We spent the next two days readying the boat for the winter, which involves getting rid of the water in the pipes and pouring in environmentally friendly antifreeze. The Belgian couple took us to the train station, too far to walk with luggage, saving us a cab fare and a wait for someone to show up.
The next three days we spent in Amsterdam. The highlight was another visit to the Rijks (State) Museum. They have a fabulous phone app that takes you on various tours. I took the Rembrandt tour. It’s 60 minutes long although I took 90 as I spent time sketching some of the paintings. What a privilege to do this in front of originals painted by one of the world’s master painters!
Our hotel was in an area of Amsterdam where apparently many Turks live, as the restaurants were practically all Turkish. We went to one, that specialized in grilling, although I ordered a Turkish pizza. The food was very good. However not even the waiters were wearing masks so we were a bit nervous.
The next night we took the tram to an Italian place for dinner. Peggy forgot to wear a mask so we got off. The next one stopped so I asked the ticket seller if she had any masks. In fact she did and gave one to Peggy, refusing any money even. Three teens also boarded on the tram.
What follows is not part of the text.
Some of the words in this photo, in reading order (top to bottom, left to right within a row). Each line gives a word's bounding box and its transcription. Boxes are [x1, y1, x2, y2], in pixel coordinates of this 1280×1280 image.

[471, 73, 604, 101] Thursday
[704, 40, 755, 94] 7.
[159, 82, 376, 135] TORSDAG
One did not have his mask on fully. The driver came to his side, put his arm around him, and told him he had to pull his mask up. The teen refused. The driver did not argue, but returned to his seat, and announced that we could not go anywhere as someone was not properly masked. All three boys disembarked.
Public transport, airports and flights are the only circumstances where a mask is required. Restaurants collect your contact information, and must keep it for two weeks. Some offer you a qr code where you can record your information in the event you might have been exposed. Supermarkets still require shopping carts and have one way arrows in the aisles, and provide disinfectant for the handles. Smaller shops still were requiring baskets and disinfectant. As we were departing cases were on the rise as people headed indoors for the winter and the flu season was starting up. There will be another peak season, how serious remains to be seen. The Dutch are generally compliant with health regulations so I would bet on it being reasonably well contained.
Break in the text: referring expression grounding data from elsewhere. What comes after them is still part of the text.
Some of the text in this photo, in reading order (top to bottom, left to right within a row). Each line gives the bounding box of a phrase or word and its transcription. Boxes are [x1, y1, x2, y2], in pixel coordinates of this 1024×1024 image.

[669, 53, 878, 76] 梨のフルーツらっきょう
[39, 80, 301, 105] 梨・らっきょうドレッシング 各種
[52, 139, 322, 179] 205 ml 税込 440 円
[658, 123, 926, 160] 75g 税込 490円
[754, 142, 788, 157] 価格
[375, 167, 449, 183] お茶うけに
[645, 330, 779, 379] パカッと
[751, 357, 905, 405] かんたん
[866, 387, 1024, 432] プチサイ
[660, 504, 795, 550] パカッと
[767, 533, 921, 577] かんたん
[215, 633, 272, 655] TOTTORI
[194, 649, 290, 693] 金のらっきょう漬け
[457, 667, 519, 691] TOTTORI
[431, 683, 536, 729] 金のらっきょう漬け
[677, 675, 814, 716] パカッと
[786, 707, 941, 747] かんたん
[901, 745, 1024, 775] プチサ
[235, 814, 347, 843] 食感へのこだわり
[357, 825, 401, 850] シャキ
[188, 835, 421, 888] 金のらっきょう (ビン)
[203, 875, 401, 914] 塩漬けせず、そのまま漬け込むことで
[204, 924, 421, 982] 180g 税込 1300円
On our last night we had dinner with our friends in Haarlem. The Dutch are quite good cooks and lay out a beautiful table. Our hosts are no exception. It was a lovely afternoon and we talked endlessly about our summer and more.
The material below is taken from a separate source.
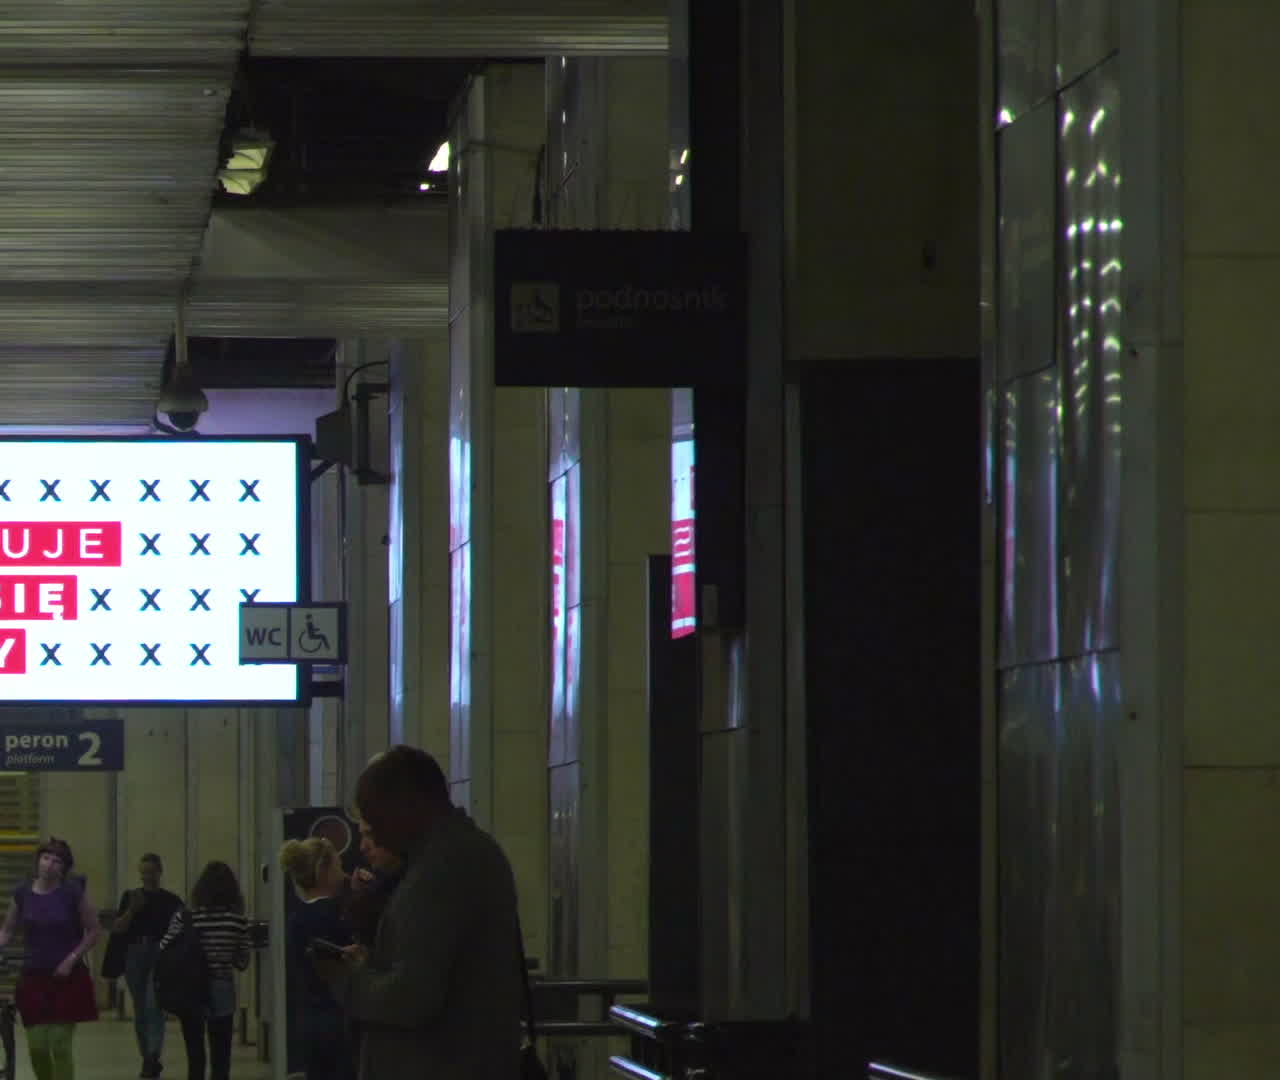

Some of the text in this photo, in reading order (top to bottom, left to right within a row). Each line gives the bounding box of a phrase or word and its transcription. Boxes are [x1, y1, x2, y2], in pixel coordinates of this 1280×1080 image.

[245, 627, 282, 647] WC
[5, 730, 104, 766] peron 2
[5, 752, 56, 767] platform
By noon the next day we were in a corona hot spot – Madrid. It was reporting several neighborhoods with high rates of infection, with a limited movement order in place. We were not passing through those areas, amazingly given we took the train to Valencia which leaves from Atocha station, the main one in the city. You’d think even with reduced traffic it would be a hot spot, but it was not.
We had lunch on the street behind the station while waiting for the 1715 high speed train, which cruises at up to 300 kph/185mph. We enjoyed one of the day’s Menu del Dia for about 10 euros ($11.50) while seated outdoors on the sidewalk. First plate, second plate, wine, dessert. Ah, it’s good to be back in Spain!